Görüntülediğiniz mahkeme kararı kesinleşmiş bir karardır.

T.C.
İSTANBUL
BÖLGE ADLİYE MAHKEMESİ
16. HUKUK DAİRESİ
T Ü R K M İ L L E T İ A D I N A
İ S T İ N A F K A R A R I
DOSYA NO: 2018/1985 Esas
KARAR NO: 2021/714 Karar
İNCELENEN KARARIN
MAHKEMESİ: İSTANBUL 1.FİKRÎ VE SINAÎ HAKLAR HUKUK MAHKEMESİ
TARİHİ: 01/03/2018
NUMARASI: 2016/186 E. – 2018/61 K.
DAVANIN KONUSU: Faydalı Model Belgesi (FM Belgesinin Hüküms.

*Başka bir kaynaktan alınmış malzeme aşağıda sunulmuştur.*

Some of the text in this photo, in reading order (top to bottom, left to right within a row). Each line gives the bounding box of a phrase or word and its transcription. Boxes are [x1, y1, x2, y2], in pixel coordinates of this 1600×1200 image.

Kayn.)
KARAR TARİHİ: 02/04/2021
İstinaf incelemesi için dairemize gönderilen dosyanın ilk incelemesi tamamlanmış olmakla, HMK 353. ve 356. maddeleri gereğince dosya içeriğine göre duruşma yapılmasına gerek görülmeden dosya üzerinde yapılan inceleme sonucu;
G E R E Ğ İ D Ü Ş Ü N Ü L D Ü:
DAVA: Davacı vekili dava dilekçesinde; Davalı adına TPE nezdinde tescilli … numaralı faydalı model tescil belgesinin hükümsüzlüğü ve sicilden terkinini talep etmiştir.

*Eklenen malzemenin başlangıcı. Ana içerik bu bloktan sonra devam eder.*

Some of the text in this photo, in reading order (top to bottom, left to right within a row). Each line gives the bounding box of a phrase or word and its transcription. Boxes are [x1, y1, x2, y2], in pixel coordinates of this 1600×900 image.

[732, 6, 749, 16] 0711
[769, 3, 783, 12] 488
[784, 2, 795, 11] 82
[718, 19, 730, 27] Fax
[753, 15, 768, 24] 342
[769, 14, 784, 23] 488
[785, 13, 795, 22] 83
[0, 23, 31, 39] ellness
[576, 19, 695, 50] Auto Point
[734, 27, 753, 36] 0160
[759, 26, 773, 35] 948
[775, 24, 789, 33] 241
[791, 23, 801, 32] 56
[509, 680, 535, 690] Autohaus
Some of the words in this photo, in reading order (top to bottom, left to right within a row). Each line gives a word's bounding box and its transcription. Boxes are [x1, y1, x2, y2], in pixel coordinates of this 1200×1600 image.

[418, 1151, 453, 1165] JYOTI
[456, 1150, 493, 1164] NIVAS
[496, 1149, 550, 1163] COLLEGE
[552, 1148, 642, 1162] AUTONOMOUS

CEVAP: Davalı vekili cevap dilekçesinde; davaya konu Faydalı Modelin yeni olduğunu, davanın reddi gerektiğini, ayrıca derdestlik itirazında da bulunduklarını, beyan etmiştir.
MAHKEME KARARI: İstanbul 1.Fikrî ve Sınaî Haklar Hukuk Mahkemesi 01.03.2018 tarihli 2016/186 E. – 2018/61 K. sayılı kararıyla; “… bilirkişi raporunda iki buluşun da bütünsel bakış neticesinde benzer oldukları, Dolayısıyla davalının başvuru tarihi itibarıyla faydalı modele konu buluşu yeni olmadığından(davacı tarafından sunulan belgeye konu 30.12.2013 tarihli faydalı modelin yaklaşık 16 ay önce kamuya sunulduğunu açıkça anlaşılmış olması) hükümsüzlük talebinin kabulü gerektiği” gerekçesiyle ; davanın kabulüne, davalı adına … no ile tescilli faydalı model belgesinin hükümsüzlüğüne, karar verilmiştir.

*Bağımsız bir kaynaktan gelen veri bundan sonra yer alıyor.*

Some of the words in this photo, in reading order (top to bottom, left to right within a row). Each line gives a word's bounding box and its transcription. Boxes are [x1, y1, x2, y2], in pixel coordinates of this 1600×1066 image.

İSTİNAF BAŞVURUSU: Davalı vekilinin süresinde ibraz ettiği istinaf dilekçesinde; mahkemenin sadece davacıya ait faydalı model ile kıyaslamasını yaparak hükümsüzlük kararı verdiğini, oysa mahkemenin resen sektörel bazda, Türkiye ve dünya kapsamında yenilik incelemesi yapması gerektiğini, müvekkiline ait FM’in sonraki tarihli olup teknolojik ve işlevsellik bakımından birçok farklı yenilik unsuru ihtiva ettiğini, raporda dar ve sınırlı bir incelemeye tabi tuttuğunu, bu yönüyle bilimsellikten uzak ve denetime elverişsiz olduğunu, -raporu düzenleyen heyette, tasarım uzmanı, elektrik mühendisi ve bilişim uzmanının yer aldığını, faydalı modeli yenilik ve işlevsellik bakımından değerlendirme konusunda yeterli uzmanlığa sahip olmadığını, bilirkişilerin görevlerini aşarak hakimin takdir hakkına müdahale ettiğini, -faydalı model yerine tasarım kriterleri açısından değerlendirme yaptıklarını, tüketici nezdinde karıştırılma ihtimalinden söz edilmesinin, faydalı modellerin amacına aykırı olduğunu, kaldı ki FM’in alıcısının İETT olup ortalama tüketici olarak kabulünün mümkün olmadığını, bir kısım benzerliklerin direk üzerine monte edilebilirlikten kaynaklandığını beyanla, mahkeme kararının kaldırılmasına karar verilmesini talep etmiştir.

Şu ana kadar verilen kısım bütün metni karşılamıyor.